A federal judge on Wednesday will consider whether rules that limit what health care providers can tell patients about accessing abortion services violate the U.S. Constitution and should be scuttled.
U.S. District Judge Lance Walker also will hear arguments on whether the plan to force the 20 clinics around the state that receive federal funding to be separated physically from other reproductive health care services would do irreparable harm to patients.
Maine Family Planning, the state’s only direct recipient of the federal Title X funds, in March sued the U.S. Department of Health and Human Services in U.S. District Court in Bangor. It is one of at least five legal actions pending in federal courts around the country seeking to keep what opponents have called a “gag rule” from going into effect May 3, said George Hill, president and CEO of Maine Family Planning.
The Trump administration rule would prevent doctors and nurses at facilities that receive federal funding from discussing abortion with pregnant patients or referring them to abortion providers even if they ask questions about abortion services, according to the complaint.
Title X recipients that violated the rule could lose their federal funds.
That violates the “First Amendment right to freedom of speech by imposing content- and viewpoint-based government control over the speech of medical professionals,” attorneys for Maine Family Planning argued in their complaint.
The proposed rule also violates Congress’ nondirective counseling mandate, which requires that “all pregnancy counseling shall be nondirective,” Maine Family Planning argued. That means patients must be presented with information about all of their options in pregnancy, consistent with the patient’s desire to hear that information.
Attorneys for the government argued in their court filing that the rule “allows pregnancy counseling — including counseling about abortion — so long as it is nondirective.”
Government lawyers also said that the restrictions in the rule “deny nothing” but are “merely limitations on what the government funds.”
The constitutional argument is being made in cases across the country, Hill said.

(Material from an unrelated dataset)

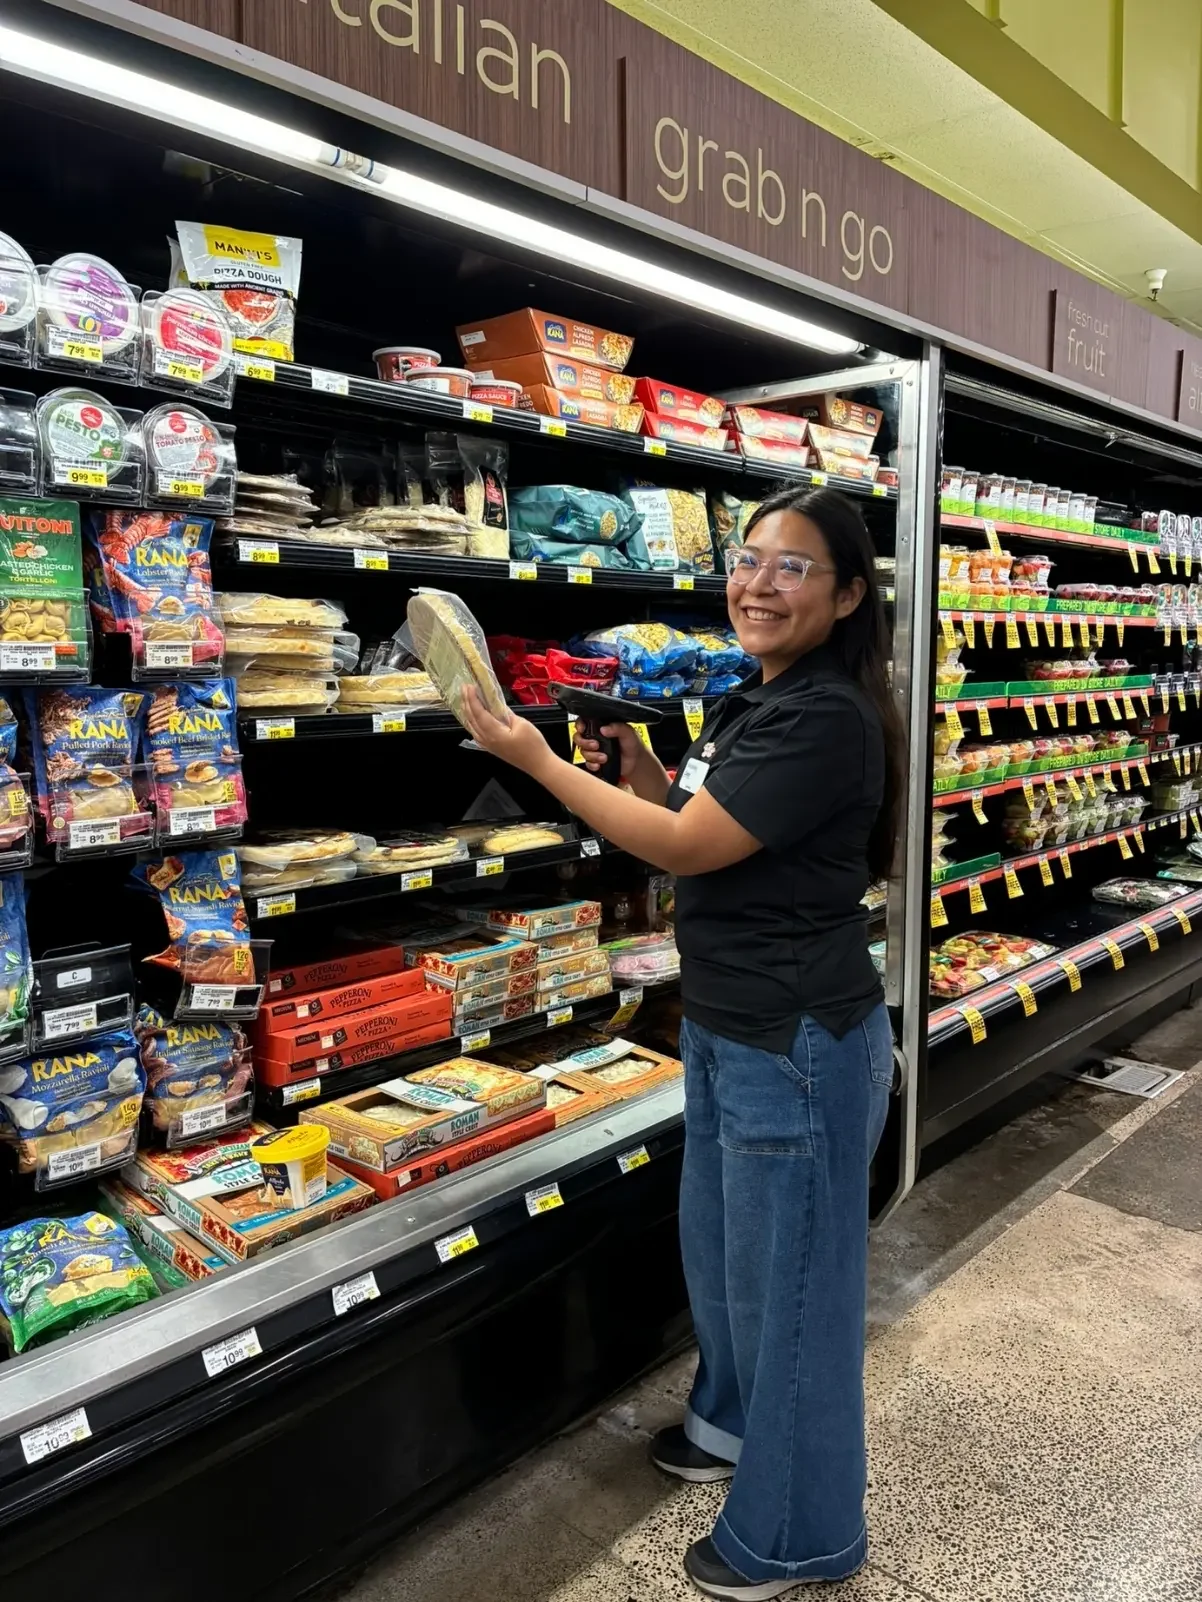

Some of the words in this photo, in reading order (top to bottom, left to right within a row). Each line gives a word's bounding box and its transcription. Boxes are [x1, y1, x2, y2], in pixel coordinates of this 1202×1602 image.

But Maine is the only state where the new rule is being challenged over its requirement for separate facilities for medical and surgical abortion services and other reproductive health care services.
That’s because Maine Family Planning is the only direct recipient of Title X funds in the nation that funds clinics on a statewide basis.

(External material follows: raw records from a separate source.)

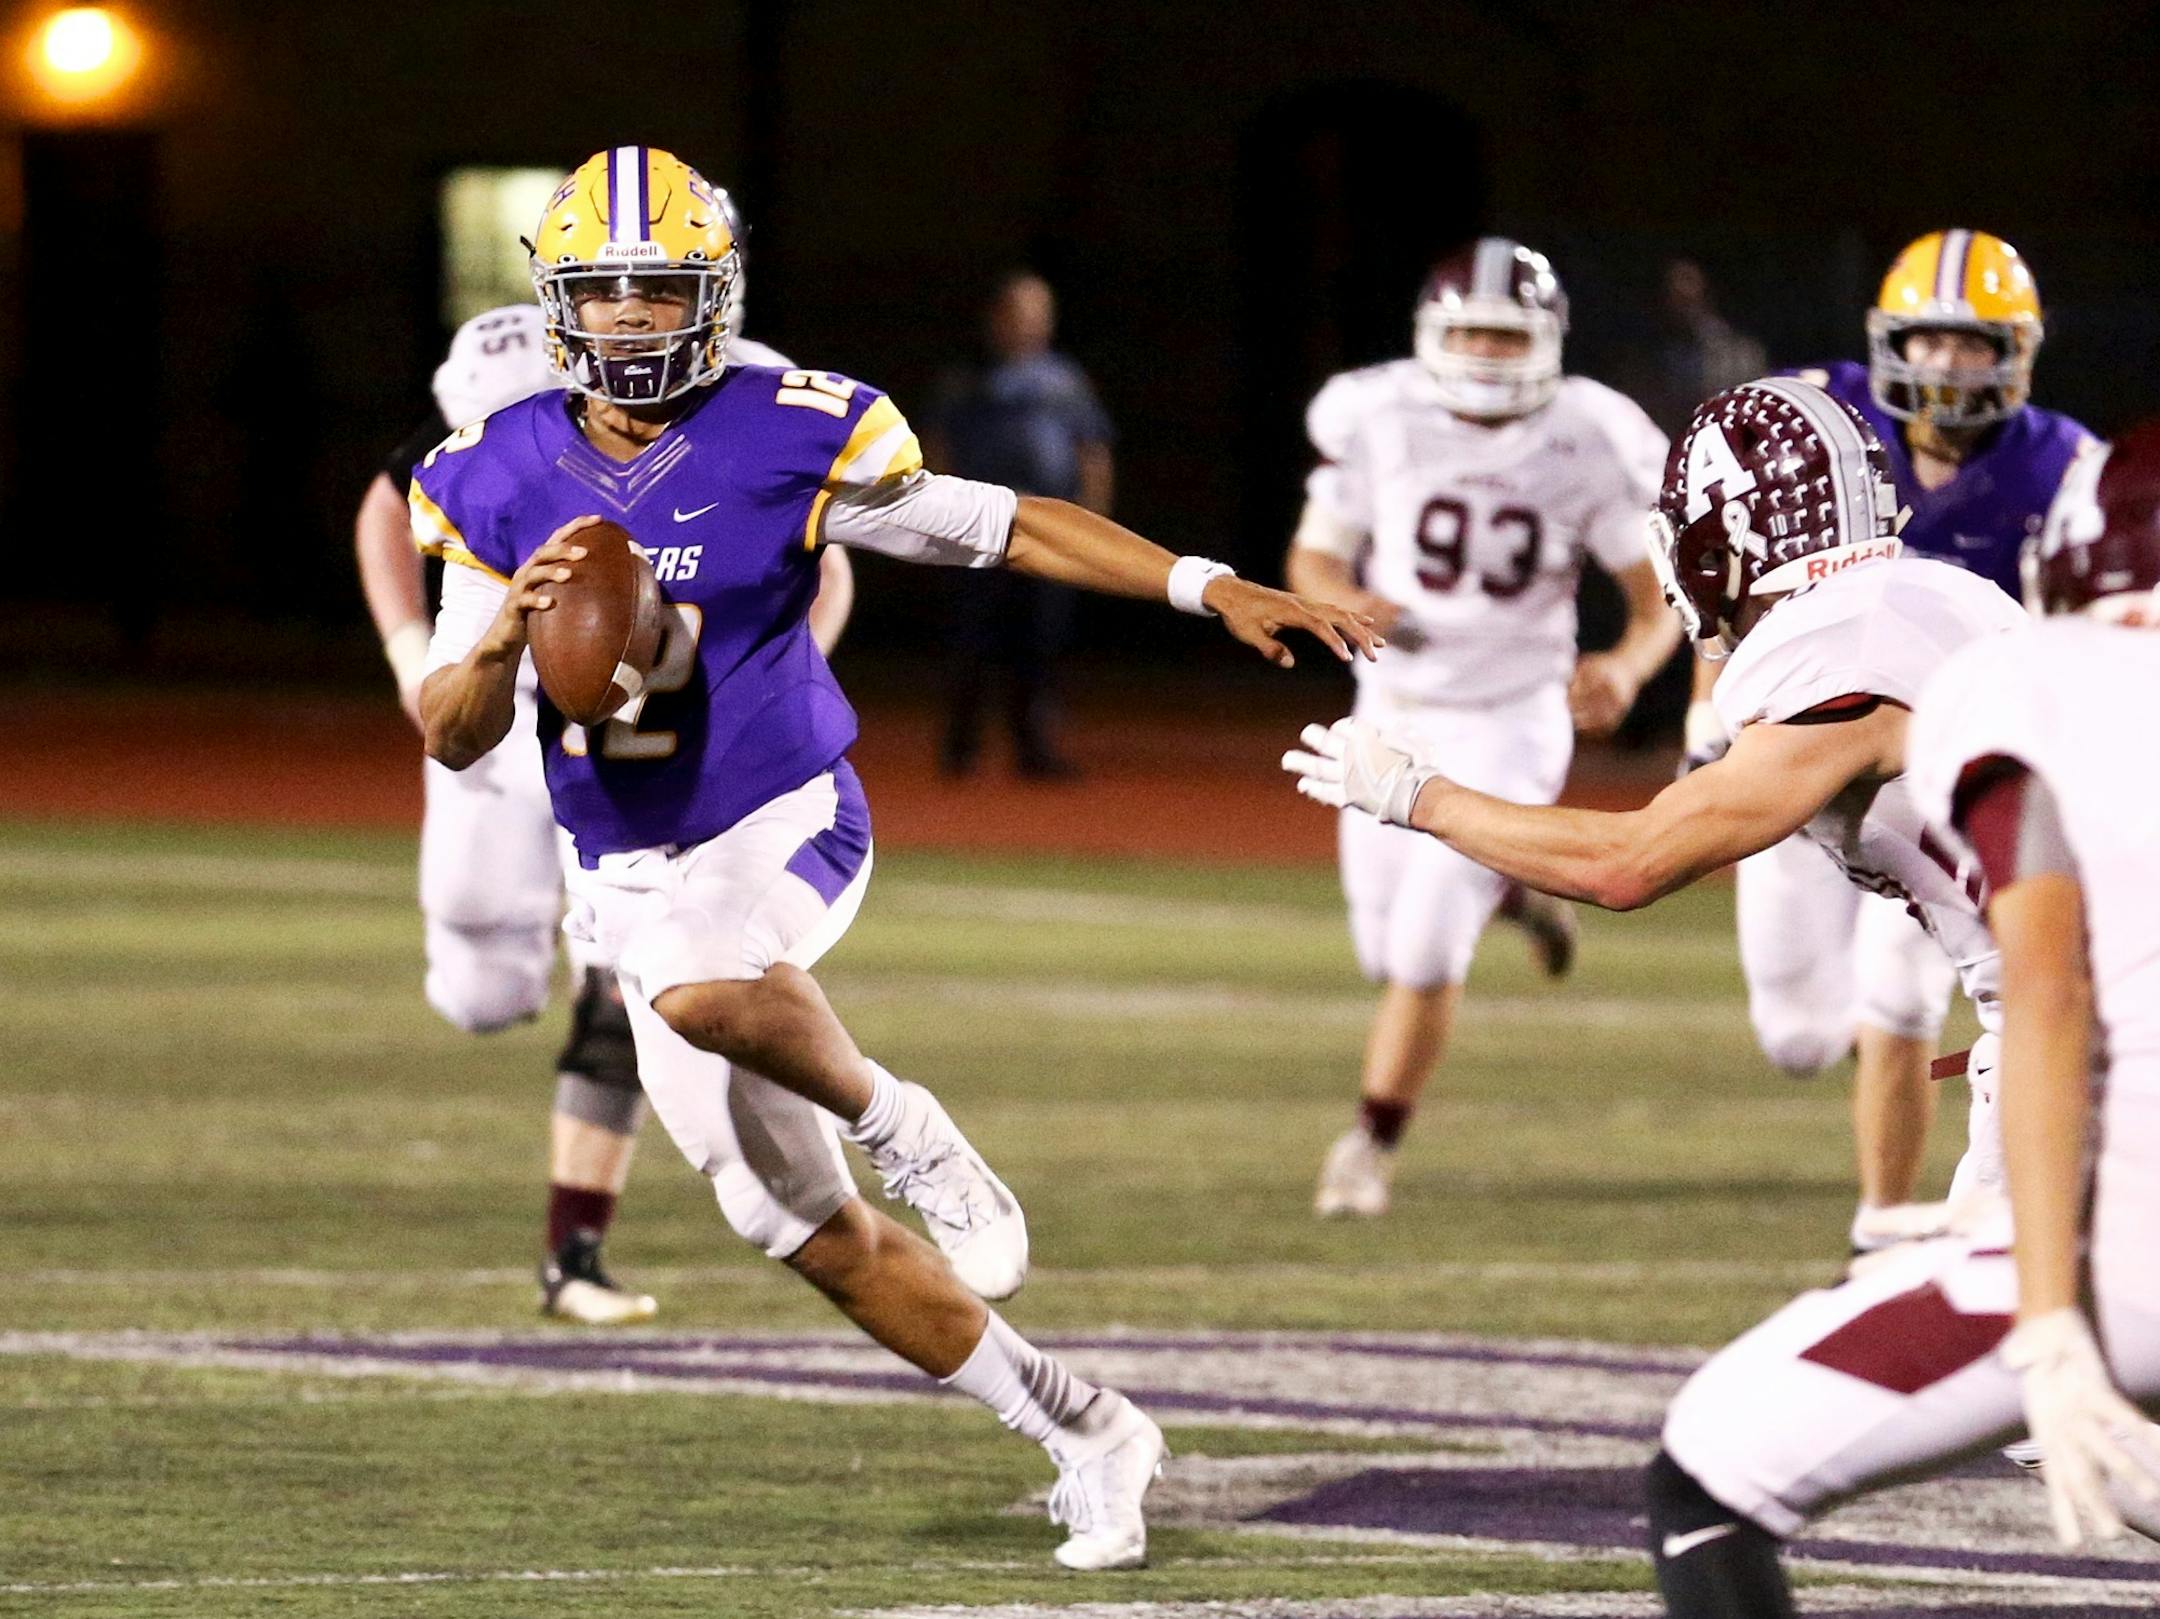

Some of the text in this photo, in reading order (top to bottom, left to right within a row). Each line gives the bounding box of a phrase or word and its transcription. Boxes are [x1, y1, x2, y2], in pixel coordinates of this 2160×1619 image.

[605, 246, 657, 257] Riddell
[775, 370, 857, 419] 12
[1684, 422, 1758, 525] A
[1414, 495, 1543, 600] 93
[1768, 514, 1788, 537] 10
[561, 602, 702, 760] 2

The $286 million federal program known as Title X was implemented in the 1970s. Supporters have said it has been pivotal for millions of low-income people in need of affordable reproductive health care. Historically, Title X facility offerings include access to birth control, testing for sexually transmitted diseases, prenatal care, abortion referrals and certain cancer screenings.
Independent abortion services are offered in the same buildings at all Maine Family Planning locations, but no Title X money is directly used to provide abortions, according to the organization. Under the new rule, these two patient offerings will have to be physically separate.

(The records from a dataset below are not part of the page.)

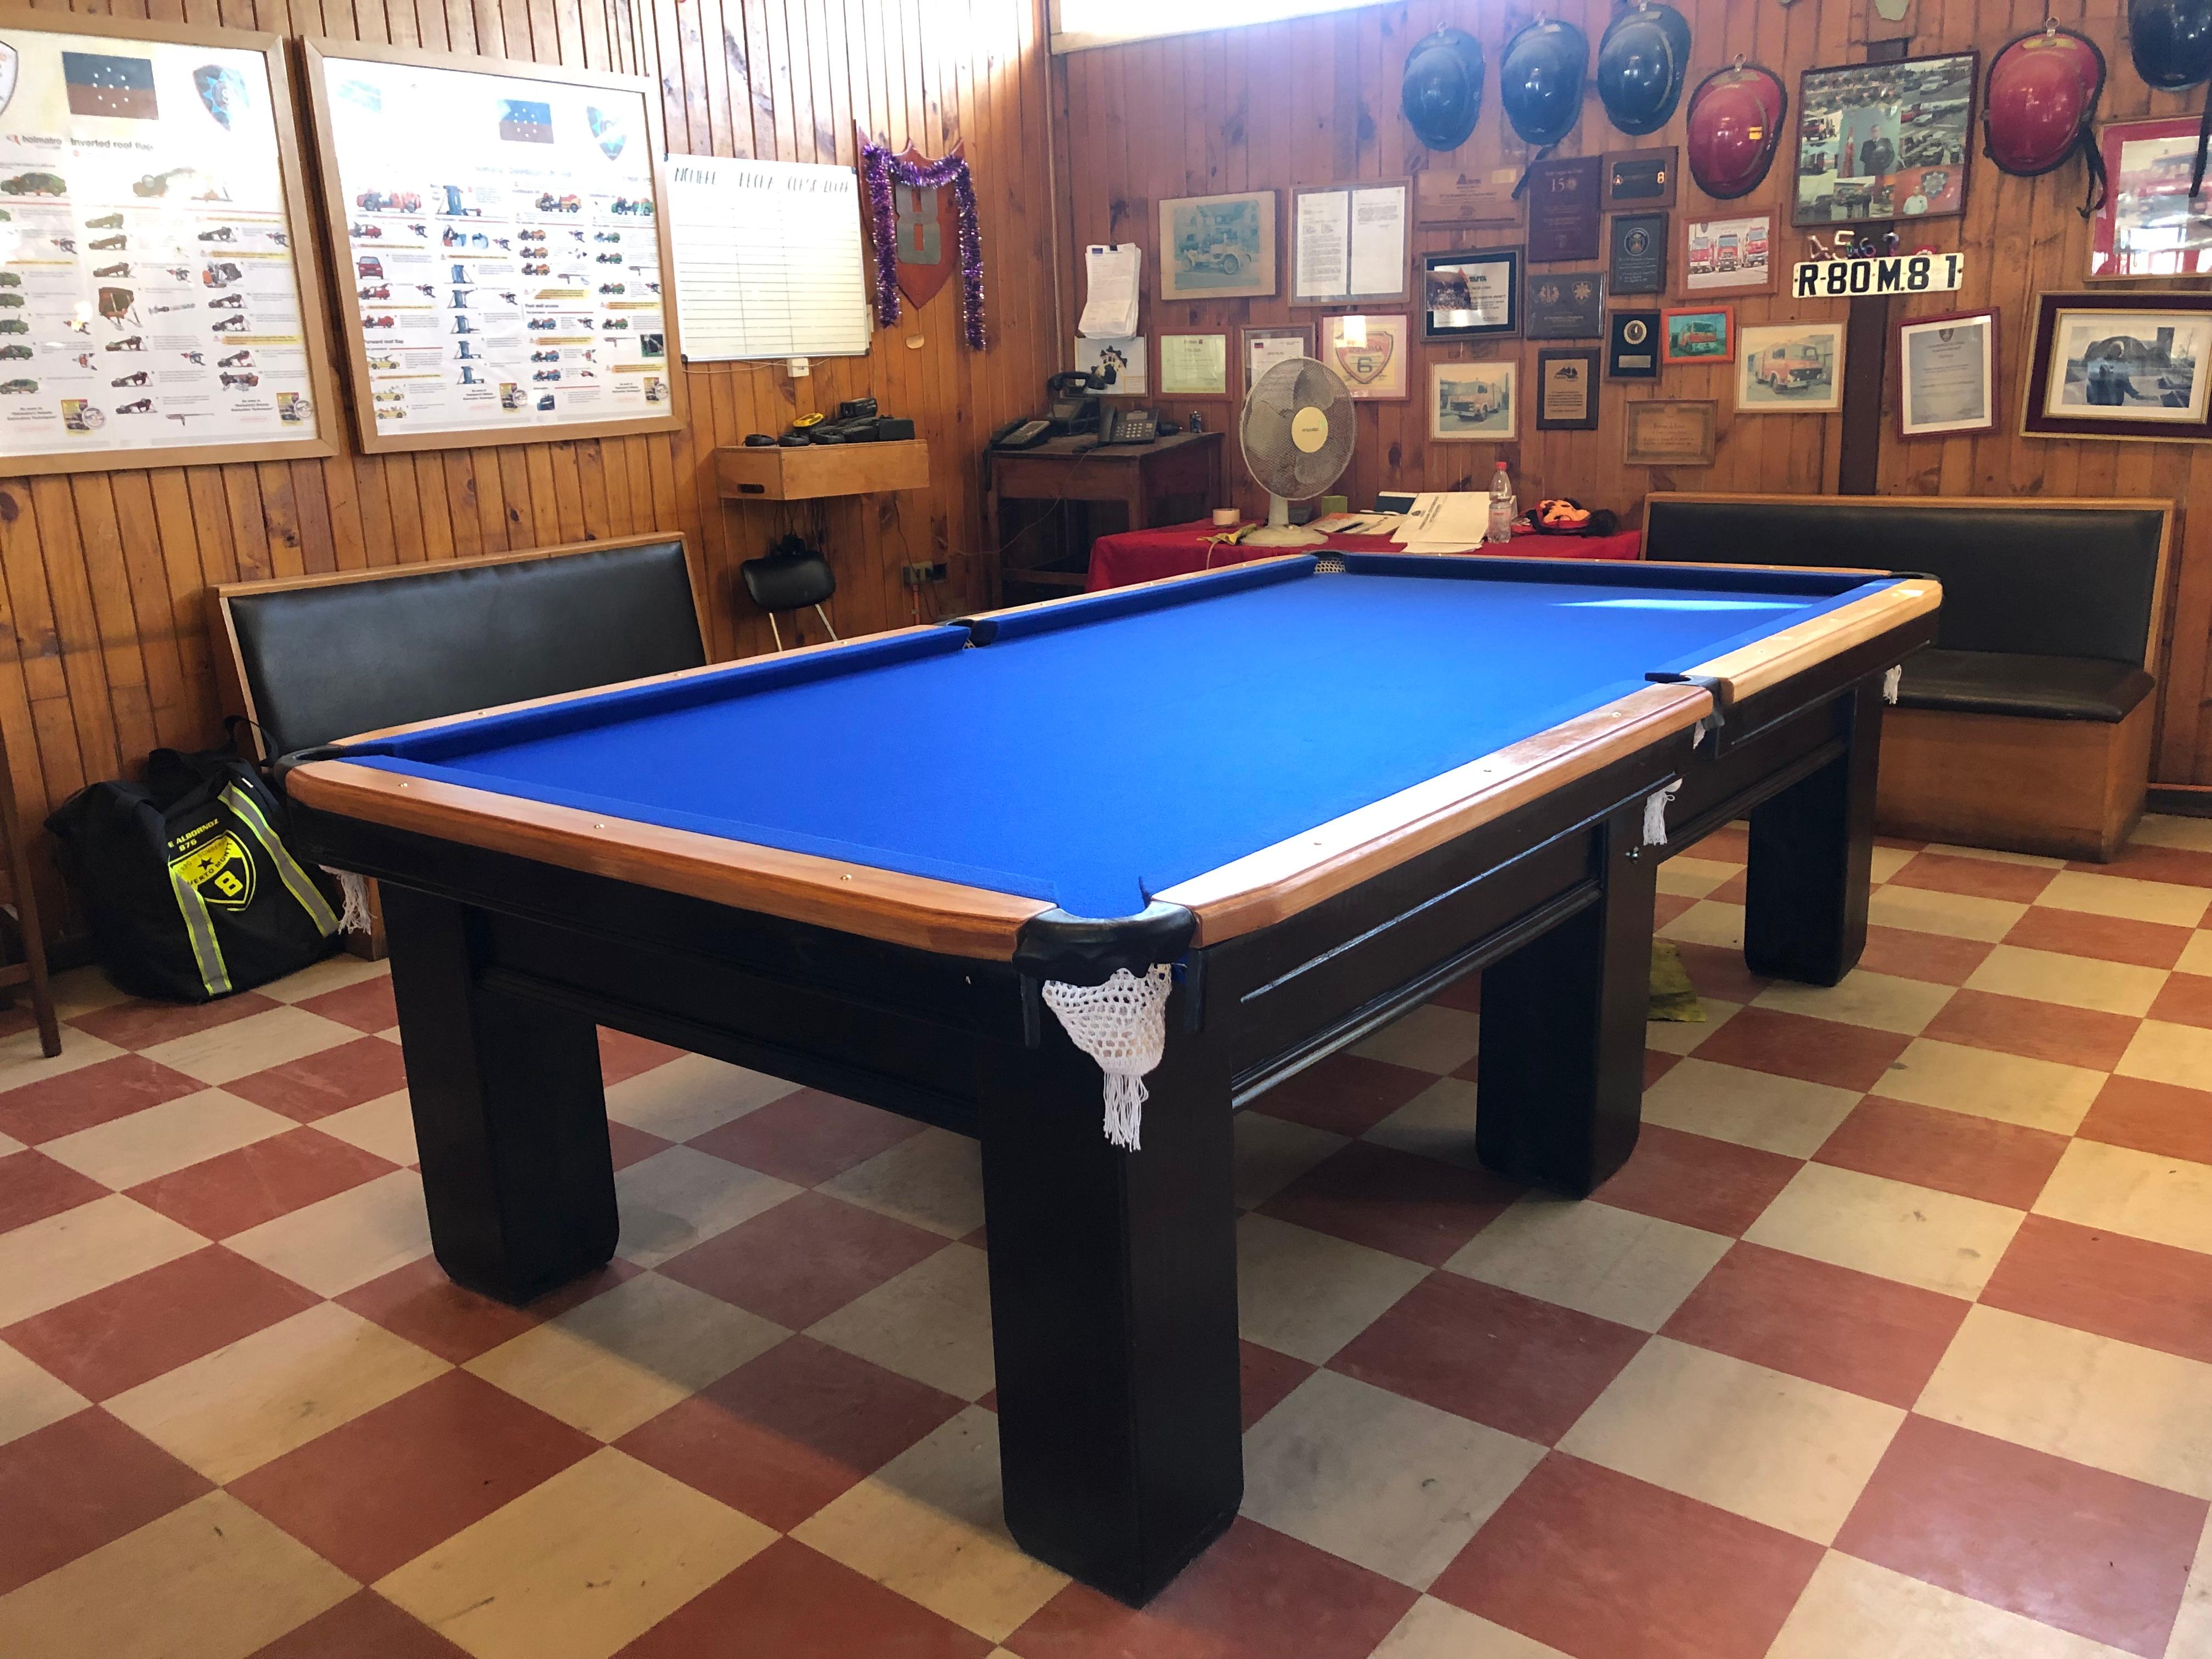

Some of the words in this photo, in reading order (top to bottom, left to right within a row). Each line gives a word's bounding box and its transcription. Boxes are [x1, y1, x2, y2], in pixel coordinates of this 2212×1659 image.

[70, 137, 110, 148] Inverted
[113, 140, 132, 149] roof
[1657, 172, 1664, 184] 8
[895, 181, 941, 265] 8
[1357, 357, 1373, 374] 6
[176, 818, 219, 845] ALBORNOZ
[187, 868, 215, 885] UERTO
[215, 870, 244, 897] 8

Maine Family Planning claims in its lawsuit that because of the state’s rural nature, Maine would suffer an 85 percent decrease in abortion services because the vast majority of clinics in Maine offer reproductive health care services in the same location. Clinics that did not have a separate facility for abortion services would have to stop offering them.
Lawyers for the government rejected that argument and said the government, not Maine Family Planning, would be harmed if the judge grants the injunction.
To grant the preliminary injunction, the judge must find that: the lawsuit would likely succeed on its merits, Maine Family Planning’s clients would be irreparably harmed if it is denied and it is in the public interest.